If you like the Hallmark movie genre, this movie will please you. It is very family oriented, and it is about a family hurt by losses, and the ongoing pain of a grandparent suffering from the debilitating disease of Alzheimer’s. The movie focuses on the efforts of a grandson who works hard to organize a Christmas experience for his terminal grandma, because Christmas was always her favorite time of year. Her days are numbered so the celebration had to happen during July. I really like the idea of personal sacrifice, especially for someone, who in many ways, is unworthy. Christ in the real world did that for us. He sacrificed his life to save others. Sacrifice should happen in all months, not just the traditional season of giving and gifting in December.
I also appreciated that one of the themes, which is also “Hallmarkian,” was characters coping with grief. Pain and suffering can bring out the best or the worst in people. As Jesus comes closer to return, people will continue behaving badly. Loss comes to all families, and many struggle managing it with grace and love. That was the case with one of the adult children. She was a character developed to easily hate on. She was a selfish, non-sacrificial sister to our hero brother, and she was also scheduled be married in July. Every line from her lips made you want to slap her. Movies often have an antagonist, and she was truly annoying, although the writing made her a little extreme. Kudos to the make-up people for making her look like the shrew that she really was!
Life is a team game. I also appreciated that the grandson needed help to pull off his July gift of love and many, except the sister, stepped up. Healthy families get involved and do what they can to help, especially the family, or the widow, the orphan, the stranger, and those in need along life’s hurting highway. Friends and neighbors can get in the game, but we need to put aside the pride and ask them for help. The grandson was a humble, likeable dude.

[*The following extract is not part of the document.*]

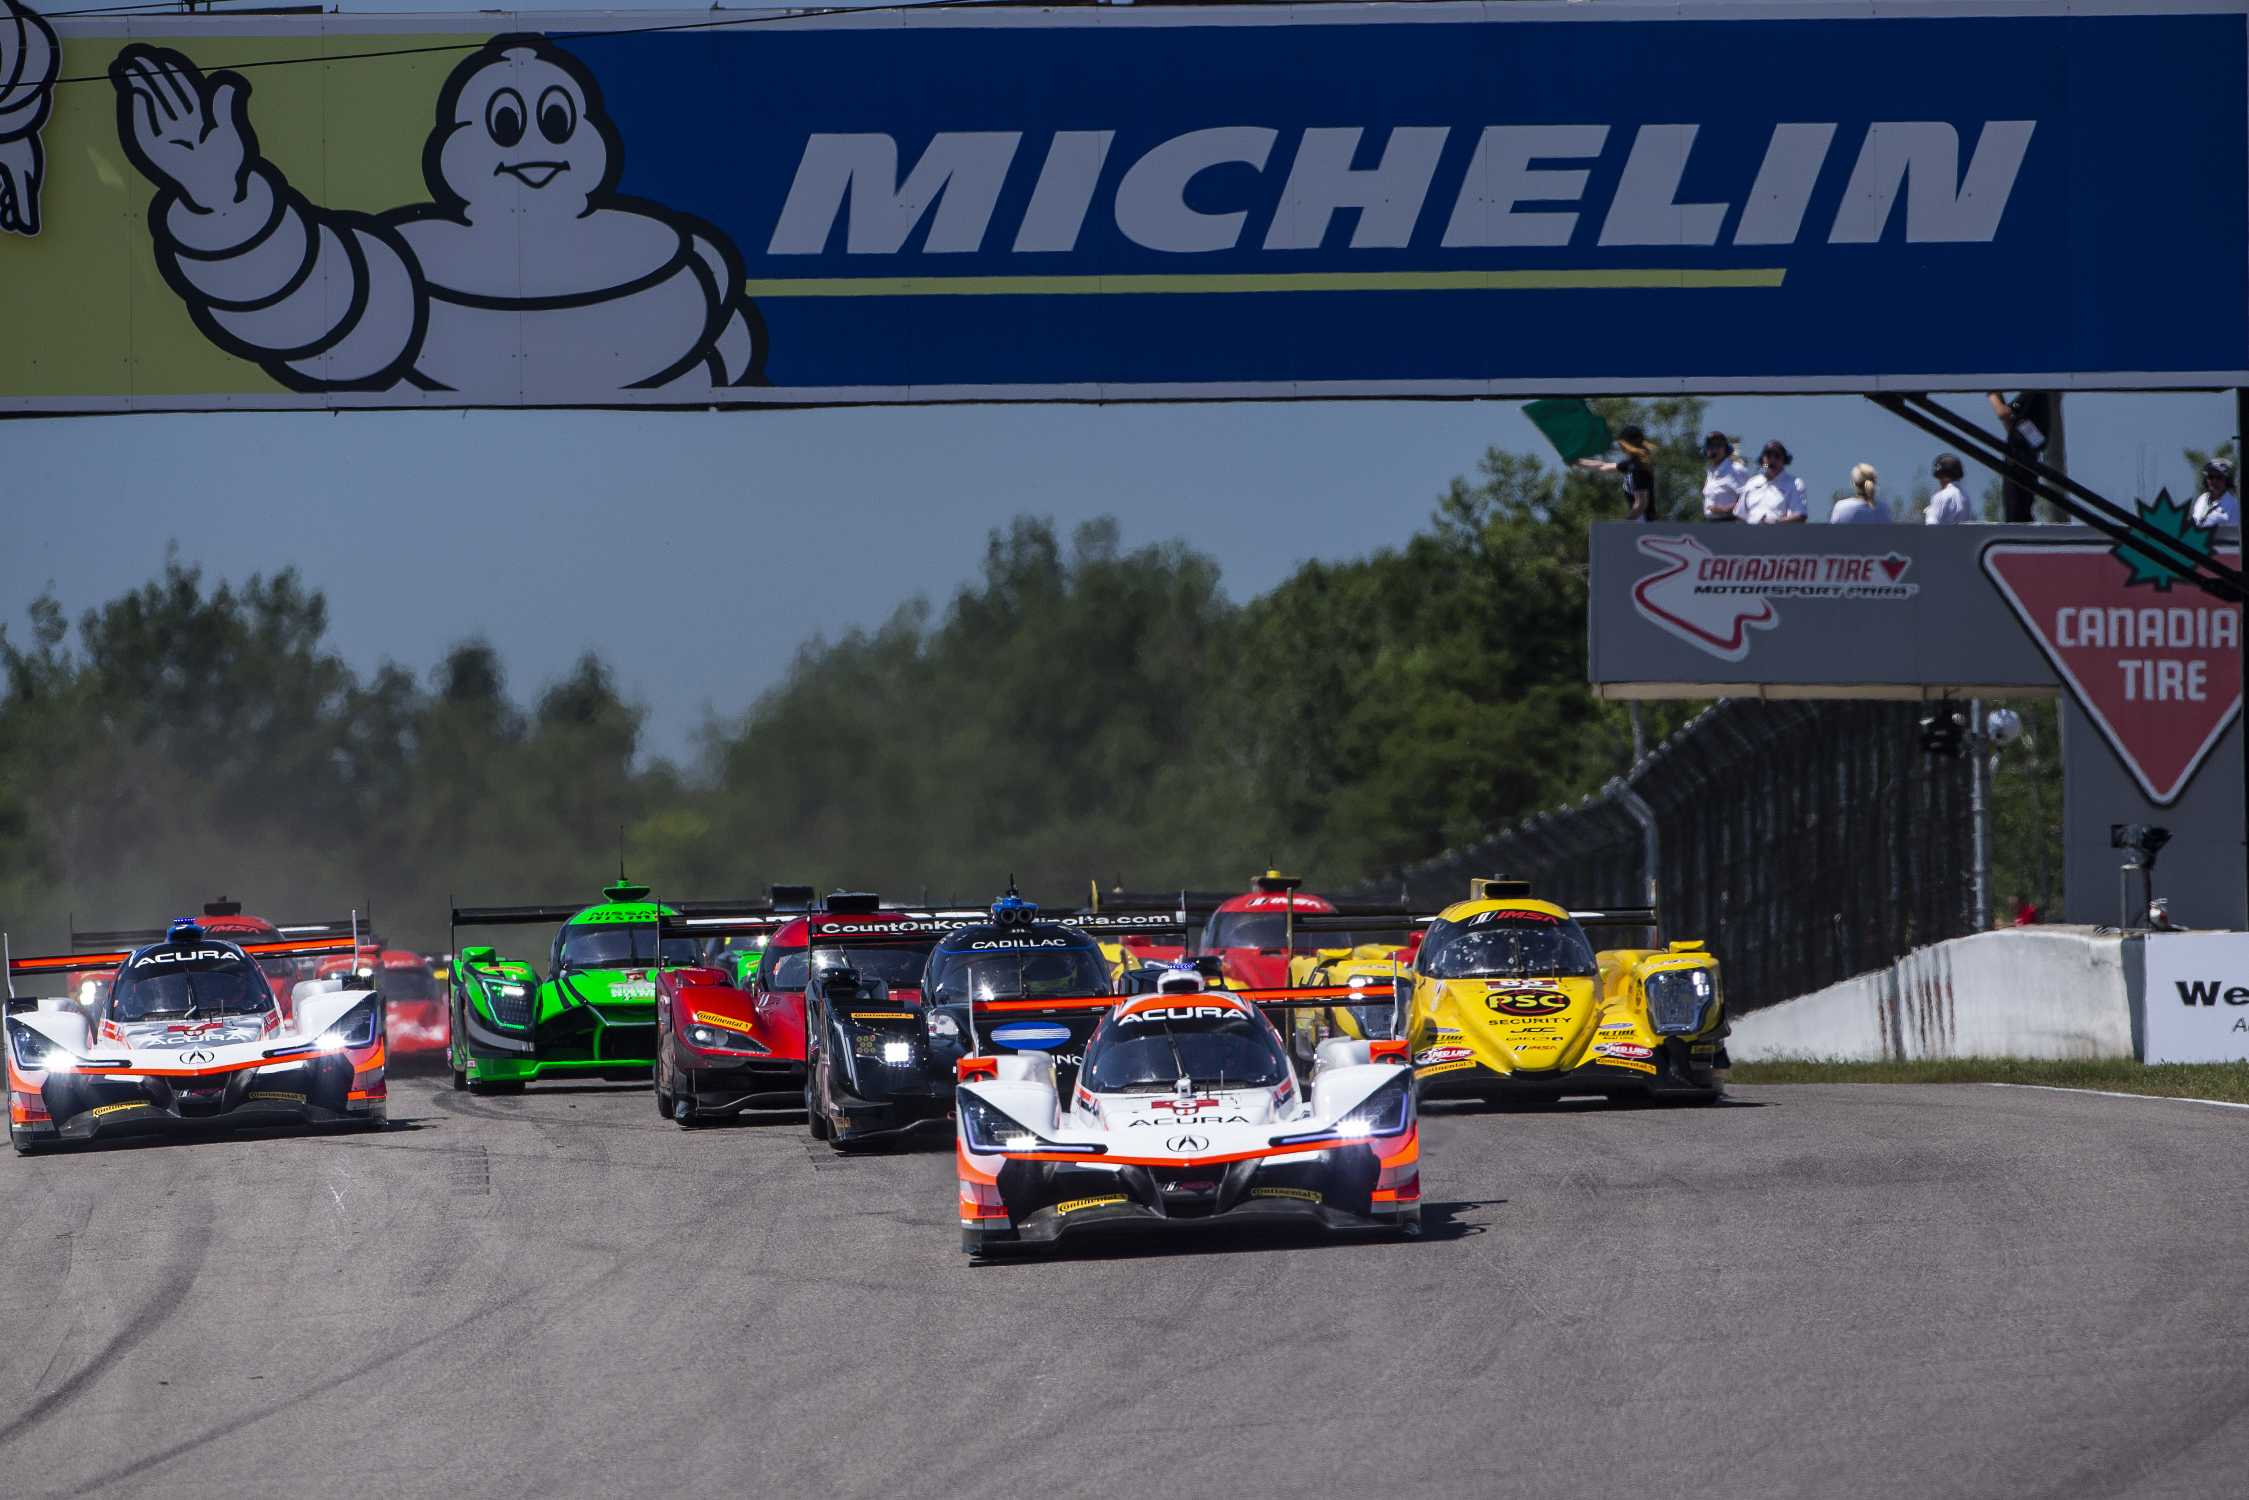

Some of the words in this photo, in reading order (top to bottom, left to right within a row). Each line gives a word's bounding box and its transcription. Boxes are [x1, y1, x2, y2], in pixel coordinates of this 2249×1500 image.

Due to lack of space, I need to get on with a few concerns about the movie. I am going to encourage a local gerontologist, Dr. Sampatt, to see the movie. One thing that bothered me about the movie was some misinformation about Alzheimer’s. It is a progressive disease and people get worse. In the movie, grandma gets better and is more lucid and oriented as time passes. This made it a feel-good Hollywood fantasy. Also, the sister shrew was a conservative Christian. This was some more of Kofford’s anti-Christian bias. The sister was both a reborn Christian and in recovery, but those factors were missing in her words and deeds.
The patriarch of the family, her father, and the daughter’s wimpy fiancé were both ministers and were very lukewarm in their personas. Even when the pastor, head of the family, prayed during a hospital crisis, it was silent, not out loud. The negativity of Christianity was loud, and its love was silent. The message was clear. It was obvious in the waiting room scene and throughout the film: If you are a Christian, be quiet!
The film was predictable, so I don’t want to spoil it. I love Hallmark films because they often provoke my tears which are an expression of my humanity, my grief, and my sensitivity to the grief of others. The movie didn’t move me. It was a nice story and within the first minutes the primary love relationship was predictable, but I felt neither joy nor sadness with the ebbs and flows of the flick.
If you see the film and want to discuss it, I will buy the coffee, but go buy a ticket. We need to support our neighbors and our local businesses.
Jim Shinn is a volunteer for the Alzheimer’s Association leading a caregiver support group the first Wednesday of the month. He also facilitates the Son-Shine/Sunset Support Group, for those who have experienced the loss of a child of any age.